# Bottom dwellers, carpets & a deep tank



## idris (3 Jan 2011)

Firstly, hi to everyone on the forum. My first thread, so be gentle 

I've got a 275L tank which will be getting filled fairly soon, but I want to have a plan before I start. It's 3'6" wide, 2'6" tall, and 12" from back to front. As it's relatively tall (and I don't initially want to go for the complexity and expense of CO2), I am aware I will probably be a little limited on plant choice. 

At the bottom / front of the tank I'd like a slow growing plant like a carpet (though I have nothing specific in mind yet), and as for fish at the bottom of the tank I'd lke Kuhlis and something similar to a small plec. But having read some of the guides on planted aquaria (including on this forum) I am not sure whether such fish will be compatible with carpet style planting.

Are Kuhlis and any small plec like fish worse at uprooting this sort of plants?


----------



## RudeDogg1 (3 Jan 2011)

bristle nosed plecs should be alright Kuhlis like to burrow so i dont know what they will be like


----------



## Burnleygaz (3 Jan 2011)

My Bn`s tend to uproot the odd plant now and again , stems and carpet`s being the worst affected , but its just because of the way they move about rather then a deliberate action


----------



## chrisfraser05 (3 Jan 2011)

I'm going through exactly this at the moment 

22" deep tank growing HC. My Bristle nose plec has been temp rehomed till everythings grown in.

My kuhlis are fine darting in and out of my caves so no issues there.

Its the corys are my biggest nightmare.
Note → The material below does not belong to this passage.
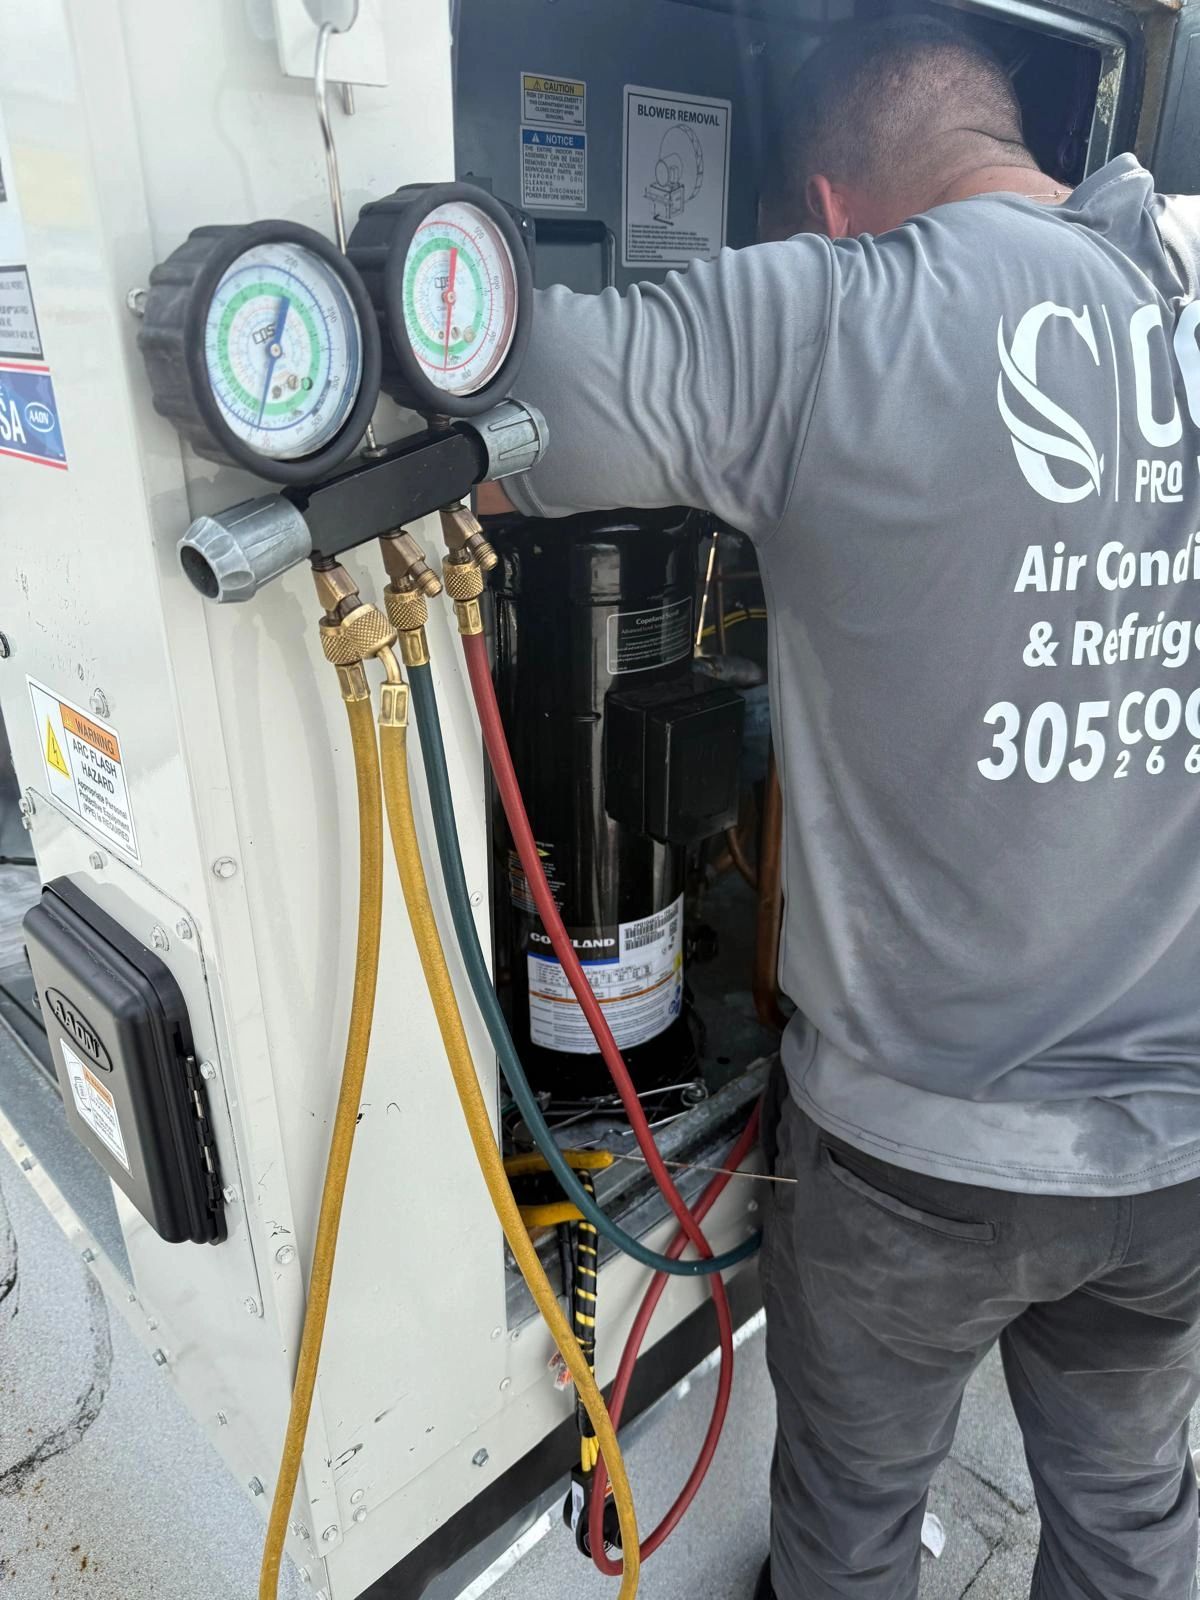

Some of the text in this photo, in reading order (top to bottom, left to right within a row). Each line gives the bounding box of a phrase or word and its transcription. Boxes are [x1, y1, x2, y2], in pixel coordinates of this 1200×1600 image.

They are trying to get to the root of the clumps of HC constantly and are ripping 25-30% of it out every day 

I'm on the verge of giving up and trying something else, HC is my fave though


----------



## RudeDogg1 (3 Jan 2011)

I really wanted a HC carpet but my lights just ain't powerful enough for it :0(


----------



## idris (3 Jan 2011)

Pardon my ignorance ... what is HC? My guess is Hemianthus callitrichoides?

Are Bristle Nose Plecs the same as Bristle Nose Catfish?

I've seen plastic tubes and babboo used for Kuhlis to hide in in LFS tanks. Presumably they'll burrow even if you provide something like this? And are there any substrates they're more or less likely to burrow in?


----------



## RudeDogg1 (4 Jan 2011)

That's exactly what HC is it needs very powerful lighting in a deep tank mines 22 inches deep and my t8 fighting don't cut it my HC all melted. 

If the bristle nosed catfish is a ancestrious catfish then yes it is a BN plec

Would of thought sand is the best for kuhlies


----------



## foxfish (4 Jan 2011)

Idris, welcome to the forum.
I am intrigued with your tank dimensions 42" long 30" high & 12" wide. I assume this is a custom made tank to fit a certain aperture?


----------



## idris (4 Jan 2011)

*RudeDogg1* What wattage / wave length lighting do you have? Other than Java Moss (which I'm concerned may be too fast growing) are there any other good carpet plants for a deep tank.
And when you say sand would be good for Kuhlis, good to discourage them digging or good for them to dig in? I'm thinking of a mix of small smooth gravel (which I already have from my last tank) and aquatic soil. I was going to steer clear of sand as I'd read it isn't particularly goood for a planted tank.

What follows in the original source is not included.